Last month, Norwegian Cruise Line Holdings (NCLH) completed its almost $200 mill, multi-year investment in exhaust gas cleaning systems (EGCS) on some of its ships across its fleet brands.
This was achieved with the successful commissioning of EGCS on board ‘Norwegian Breakaway’ (pictured at Damen Brest) and ‘Norwegian Getaway’.
The new EGCS are aimed at improving the ships’ environmental footprint by significantly reducing emissions, including sulphur oxides and particulate matter, and improving air quality.
NCLH claimed that investments in technology, such as EGCS, are an integral part of the company’s long-term climate action strategy and it is committed to continually exploring additional avenues to further reduce its footprint and protect and preserve the environment.
“We are pleased to announce that our ambitious multi-year investment to install exhaust gas cleaning systems on our ships has concluded with the successful completion of EGCS retrofits on the ‘Norwegian Breakaway’ and ‘Norwegian Getaway’,” said Frank Del Rio, NCLH’s President and CEO.
“We took the opportunity during the COVID-19 pandemic related voyage suspension to accelerate installations on existing ships and complete this project nearly two years ahead of schedule.
“Approximately 70% of our operational capacity, or 13 ships, are now equipped with this innovative environmental technology and all but one ship is equipped with a hybrid system, which can operate in closed or open loop. The EGCS project is just one of many examples of our ongoing commitment to protect and preserve the environment through our global sustainability program, Sail & Sustain, and we will continue to invest in this critical mission,” he said.
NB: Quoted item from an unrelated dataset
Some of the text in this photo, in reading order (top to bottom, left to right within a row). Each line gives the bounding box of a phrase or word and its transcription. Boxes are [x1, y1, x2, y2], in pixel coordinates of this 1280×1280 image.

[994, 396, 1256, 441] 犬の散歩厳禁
“Protecting the environment is vital to our business and we continually seek and invest in new, cutting-edge technologies and innovations, like exhaust gas cleaning systems, to reduce our environmental impact,” added Giovanni Canu, NCLH’s Vice President Special Projects and Operational Support.
“This incredible feat began with our first EGCS retrofit in early 2014 and would not have been possible without the help and support of our world-class team and the numerous external partners who came together on this project.
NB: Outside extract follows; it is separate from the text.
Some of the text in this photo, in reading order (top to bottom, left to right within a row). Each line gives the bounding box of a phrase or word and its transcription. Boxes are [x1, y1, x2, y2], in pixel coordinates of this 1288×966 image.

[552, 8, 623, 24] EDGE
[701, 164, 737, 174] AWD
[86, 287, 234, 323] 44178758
“Retrofitting for each ship required approximately 280,000 man hours to complete and we want to thank each individual who contributed to the success of this important environmental achievement for Norwegian,” he said.
The company has completed EGCS installations on 13 NCL operated ships, which represent about 70% of its operational capacity.
As a result of the installations, the company expects its normalised fuel consumption mix will now be around 50% heavy fuel oil (HFO) and 50% MGO this year.